The first image shows who falls under Ecology’s definition of overburdened. Under this definition, communities next to key sources of greenhouse gas/air pollution, like BP’s Cherry Point Refinery (second image), would not qualify for air monitoring.

Meanwhile, the HEAL Act draws from the Washington Environmental Health Disparities Map to give us a comprehensive definition of overburdened communities, drawing from the communities’ experience and the cumulative impacts of pollution. HEAL is what should drive this work, first and foremost, and all frontline communities deserve appropriate monitoring! 

Environmental justice means capturing vulnerabilities, not just a few specific kinds of pollution exposure, in order to create an impact.

Help us tell Ecology that their thresholds for who is overburdened are too narrow and must be reshaped to truly support frontline communities! You have until Thursday, November 10, 11:59pm to submit a comment.

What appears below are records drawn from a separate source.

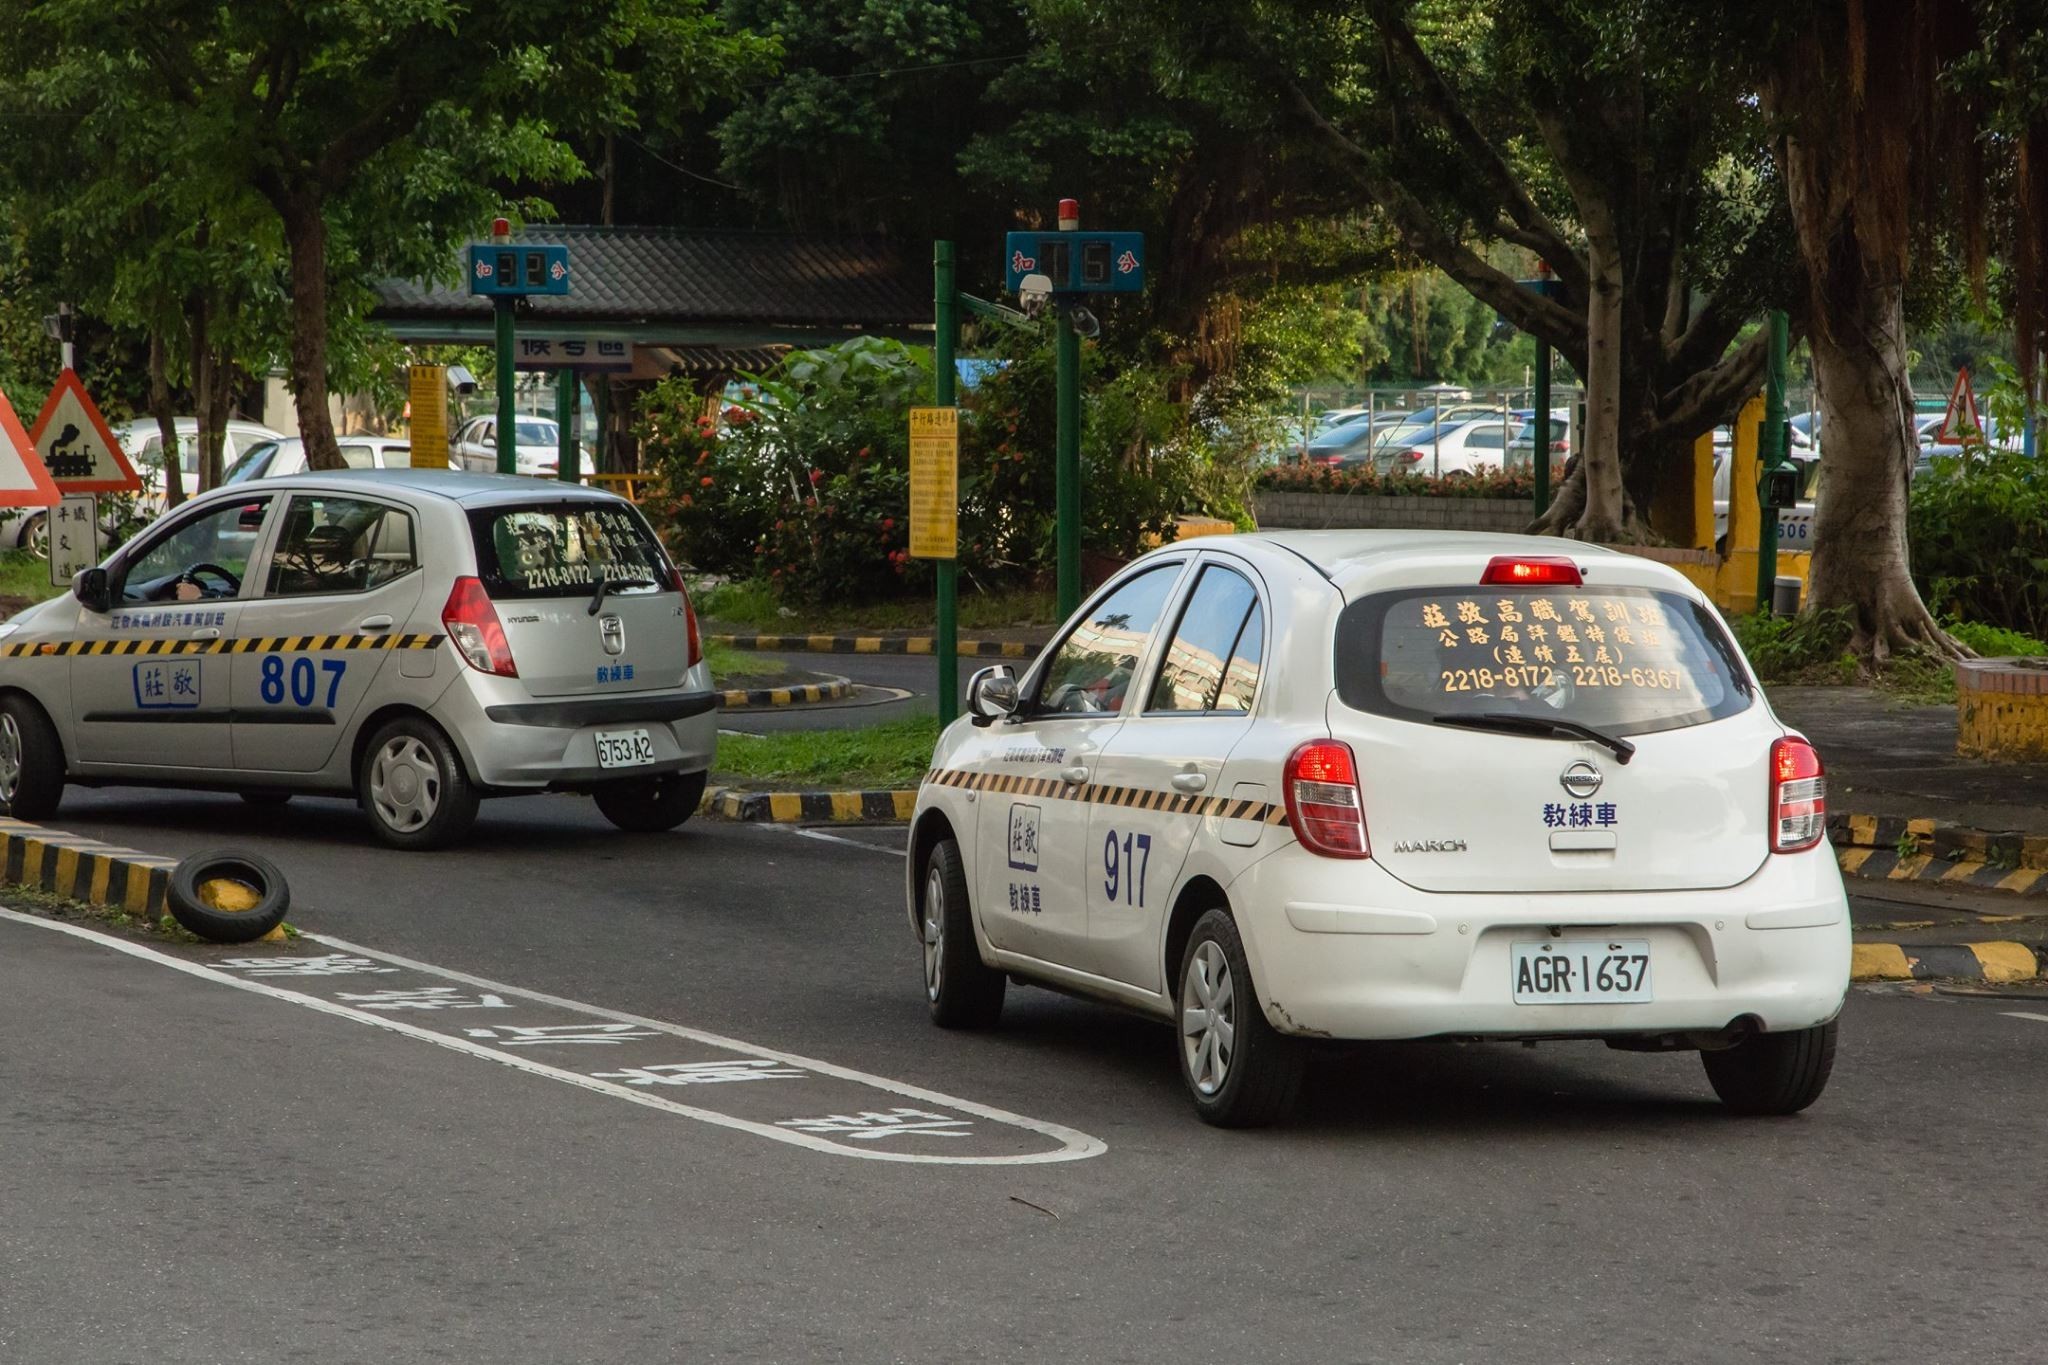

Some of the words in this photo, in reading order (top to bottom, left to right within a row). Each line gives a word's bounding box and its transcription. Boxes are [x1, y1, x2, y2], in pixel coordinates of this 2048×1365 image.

[475, 259, 493, 279] 扣
[550, 260, 567, 280] 分
[1012, 250, 1036, 273] 扣
[1116, 250, 1140, 274] 分
[525, 565, 594, 589] 2218-8172
[1423, 599, 1665, 628] 莊敬高職駕訓班
[1439, 625, 1661, 648] 公路局評鑑特優班
[144, 665, 196, 697] 莊敬
[260, 655, 346, 709] 807
[1441, 665, 1556, 693] 2218-8172
[1572, 664, 1682, 690] 2218-6367
[1564, 775, 1601, 784] NISSAN
[1013, 816, 1037, 854] 莊敬
[1394, 839, 1467, 854] MARCH
[1104, 829, 1152, 908] 917
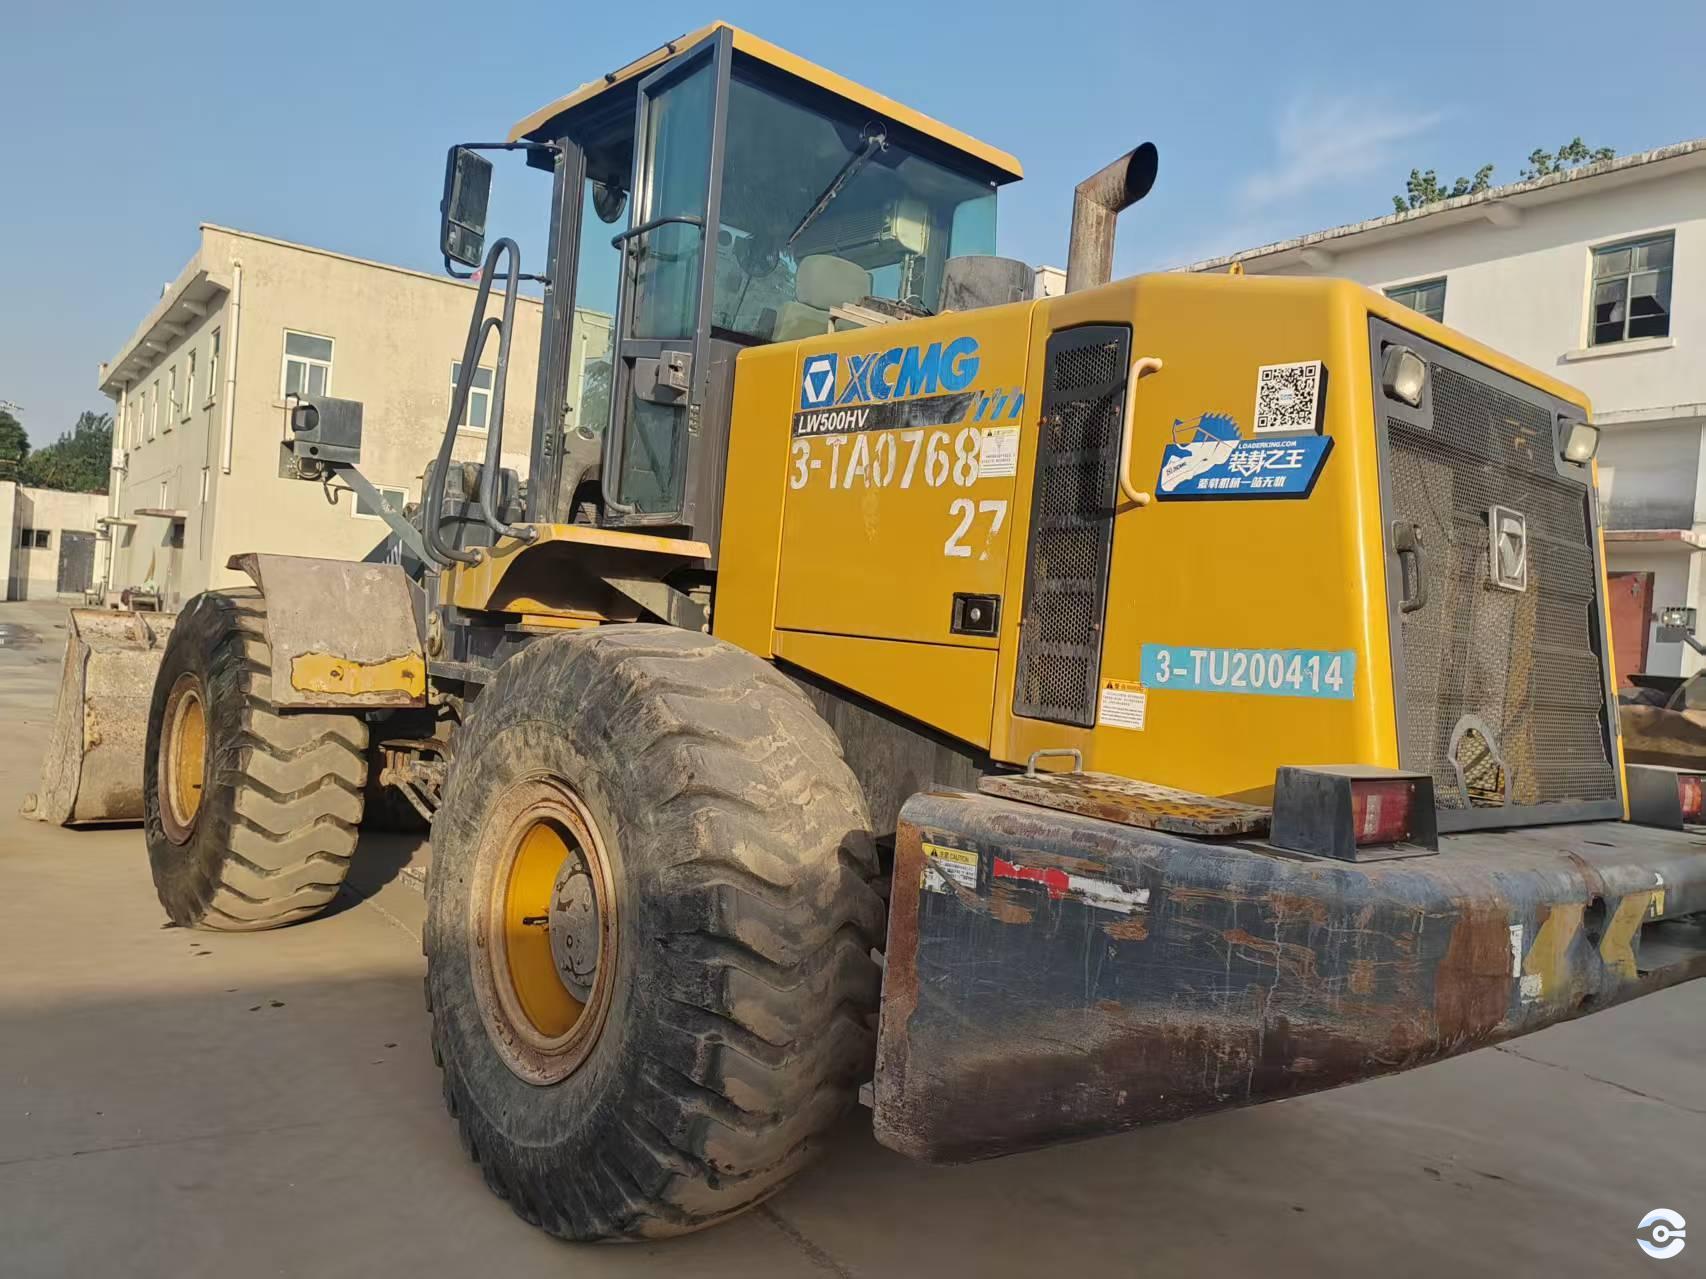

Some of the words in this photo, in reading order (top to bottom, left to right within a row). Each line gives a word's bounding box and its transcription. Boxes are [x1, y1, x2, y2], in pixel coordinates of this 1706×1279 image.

Need help crafting your comment? Use any or all of the language below!

Ecology should take a preventative, precautionary approach when it comes to air monitoring, rather than the exclusionary approach offered:

  • the draft air pollution and community indicators are overly narrow and restrictive, insist on the satisfaction of an overly limited multi-factor test, do so without supplying adequate justification of the thresholds established, and exclude vulnerable communities and at-risk populations;
  • the department does not provide an alternative pathway to allow consideration of, or identification of, communities who wish to be considered as overburdened for the purposes of Section 3; and
  • despite its sound efforts so far, the department’s process for seeking input is still not accessible to the most vulnerable populations and its proposal is not readily understandable to most people.

To improve the department’s draft criteria, we recommend that the department ensure frontline communities can be monitored:

  • broaden the default pathway to identify overburdened communities by:
    • eliminating the multi-factor requirement that an overburdened community have both an elevated level of criteria air pollutants and exposure to a second category of pollutants;
    • lowering the thresholds for non-criteria pollutant exposure, and explaining how the selected thresholds correlate to health factors or desired outcomes; and
    • accounting for the environmental harms and cumulative health impacts experienced by vulnerable communities and at-risk populations;
  • create an alternative pathway to identify overburdened communities—in addition to the default pathway—one that permits a community to apply or petition for consideration due to its lived experience with pollution, or due to special or unforeseen circumstances;
  • expand its efforts to reach affected persons in potentially overburdened communities to incorporate hard-to-reach perspectives and input that could affect decisions about identifying an overburdened community, and its boundaries; and
  • build on existing community engagement efforts across programs and agencies and align its Section 3 implementation with community engagement principles and proposals from the Healthy Environment for All (“HEAL”) Act.